_Records to use_:
━━━━━━━━━━━━━━━━━━━━━━━━━━━━━━
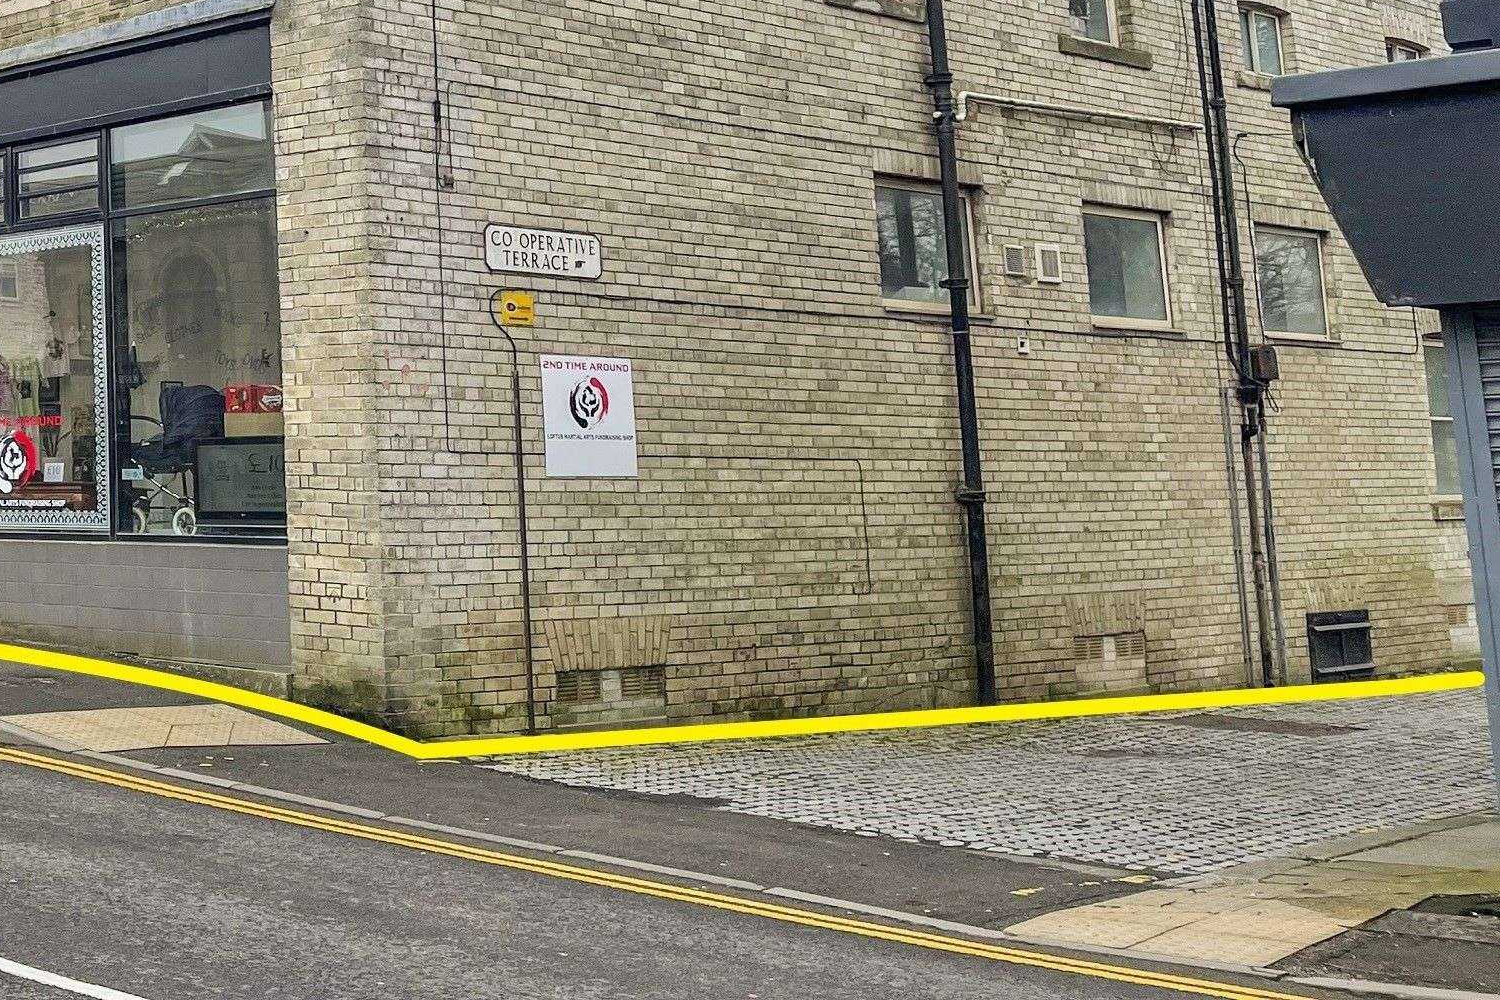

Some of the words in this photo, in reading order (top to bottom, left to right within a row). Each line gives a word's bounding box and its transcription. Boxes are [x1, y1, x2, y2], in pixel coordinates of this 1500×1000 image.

[491, 230, 512, 247] CO
[519, 233, 596, 256] OPERATIVE
[502, 249, 569, 271] TERRACE
[542, 360, 563, 370] 2ND
[565, 361, 587, 371] TIME
[589, 362, 629, 373] AROUND
━━━━━━━━━━━━━━━━━━━━━━━━━━━━━━
_Action item_: Restate the data above word for word. Skip every picture.

_Result of the exercise_:
Some of the words in this photo, in reading order (top to bottom, left to right within a row). Each line gives a word's bounding box and its transcription. Boxes are [x1, y1, x2, y2], in pixel coordinates of this 1500×1000 image.

[491, 230, 512, 247] CO
[519, 233, 596, 256] OPERATIVE
[502, 249, 569, 271] TERRACE
[542, 360, 563, 370] 2ND
[565, 361, 587, 371] TIME
[589, 362, 629, 373] AROUND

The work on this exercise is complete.